Work to be completed: Reproduce the lines below from the one that contains "this 2212×1659 image." through the end, inclusive, and add nothing.

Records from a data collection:
==============================

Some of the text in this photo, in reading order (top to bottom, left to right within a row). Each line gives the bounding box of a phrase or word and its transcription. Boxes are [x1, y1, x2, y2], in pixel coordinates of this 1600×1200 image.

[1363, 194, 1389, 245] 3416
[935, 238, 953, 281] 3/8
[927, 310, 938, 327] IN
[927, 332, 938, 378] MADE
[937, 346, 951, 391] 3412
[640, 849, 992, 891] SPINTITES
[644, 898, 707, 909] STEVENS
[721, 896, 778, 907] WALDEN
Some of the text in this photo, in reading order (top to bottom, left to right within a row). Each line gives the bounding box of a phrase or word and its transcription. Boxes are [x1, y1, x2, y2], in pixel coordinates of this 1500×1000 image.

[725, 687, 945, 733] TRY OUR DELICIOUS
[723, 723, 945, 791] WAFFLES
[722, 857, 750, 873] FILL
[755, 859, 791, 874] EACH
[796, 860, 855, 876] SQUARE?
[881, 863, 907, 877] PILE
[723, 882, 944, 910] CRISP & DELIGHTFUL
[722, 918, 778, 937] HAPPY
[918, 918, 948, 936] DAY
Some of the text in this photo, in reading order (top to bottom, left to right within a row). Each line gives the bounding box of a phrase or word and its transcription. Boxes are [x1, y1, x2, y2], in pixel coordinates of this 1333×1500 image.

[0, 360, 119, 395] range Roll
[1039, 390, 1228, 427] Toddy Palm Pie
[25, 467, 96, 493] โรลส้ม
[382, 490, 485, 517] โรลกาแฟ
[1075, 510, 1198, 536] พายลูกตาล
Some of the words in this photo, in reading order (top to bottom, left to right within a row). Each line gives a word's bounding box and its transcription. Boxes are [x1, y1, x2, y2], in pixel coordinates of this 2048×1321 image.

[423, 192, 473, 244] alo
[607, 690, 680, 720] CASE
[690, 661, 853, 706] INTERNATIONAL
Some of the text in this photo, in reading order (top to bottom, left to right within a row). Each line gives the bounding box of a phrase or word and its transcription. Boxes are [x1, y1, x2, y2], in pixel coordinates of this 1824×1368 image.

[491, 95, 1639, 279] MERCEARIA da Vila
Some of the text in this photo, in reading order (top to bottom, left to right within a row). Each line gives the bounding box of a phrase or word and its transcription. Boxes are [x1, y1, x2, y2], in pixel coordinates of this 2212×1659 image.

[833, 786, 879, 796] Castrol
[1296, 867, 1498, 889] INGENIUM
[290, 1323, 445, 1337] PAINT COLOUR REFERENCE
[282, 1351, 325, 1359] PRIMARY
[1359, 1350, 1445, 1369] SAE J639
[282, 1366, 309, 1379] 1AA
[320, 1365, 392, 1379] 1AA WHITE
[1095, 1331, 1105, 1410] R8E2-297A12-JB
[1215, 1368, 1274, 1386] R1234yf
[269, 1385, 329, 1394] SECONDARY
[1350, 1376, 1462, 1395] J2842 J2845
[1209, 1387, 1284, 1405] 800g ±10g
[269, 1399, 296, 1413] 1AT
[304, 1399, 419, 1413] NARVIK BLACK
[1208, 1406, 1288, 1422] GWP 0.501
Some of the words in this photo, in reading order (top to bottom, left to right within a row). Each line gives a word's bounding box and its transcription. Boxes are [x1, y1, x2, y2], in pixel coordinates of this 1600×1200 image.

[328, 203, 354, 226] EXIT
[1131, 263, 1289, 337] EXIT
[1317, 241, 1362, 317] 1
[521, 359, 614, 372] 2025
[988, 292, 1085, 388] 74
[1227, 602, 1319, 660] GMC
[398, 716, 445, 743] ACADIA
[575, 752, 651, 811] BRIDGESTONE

==============================

Response area:
Some of the text in this photo, in reading order (top to bottom, left to right within a row). Each line gives the bounding box of a phrase or word and its transcription. Boxes are [x1, y1, x2, y2], in pixel coordinates of this 2212×1659 image.

[833, 786, 879, 796] Castrol
[1296, 867, 1498, 889] INGENIUM
[290, 1323, 445, 1337] PAINT COLOUR REFERENCE
[282, 1351, 325, 1359] PRIMARY
[1359, 1350, 1445, 1369] SAE J639
[282, 1366, 309, 1379] 1AA
[320, 1365, 392, 1379] 1AA WHITE
[1095, 1331, 1105, 1410] R8E2-297A12-JB
[1215, 1368, 1274, 1386] R1234yf
[269, 1385, 329, 1394] SECONDARY
[1350, 1376, 1462, 1395] J2842 J2845
[1209, 1387, 1284, 1405] 800g ±10g
[269, 1399, 296, 1413] 1AT
[304, 1399, 419, 1413] NARVIK BLACK
[1208, 1406, 1288, 1422] GWP 0.501
Some of the words in this photo, in reading order (top to bottom, left to right within a row). Each line gives a word's bounding box and its transcription. Boxes are [x1, y1, x2, y2], in pixel coordinates of this 1600×1200 image.

[328, 203, 354, 226] EXIT
[1131, 263, 1289, 337] EXIT
[1317, 241, 1362, 317] 1
[521, 359, 614, 372] 2025
[988, 292, 1085, 388] 74
[1227, 602, 1319, 660] GMC
[398, 716, 445, 743] ACADIA
[575, 752, 651, 811] BRIDGESTONE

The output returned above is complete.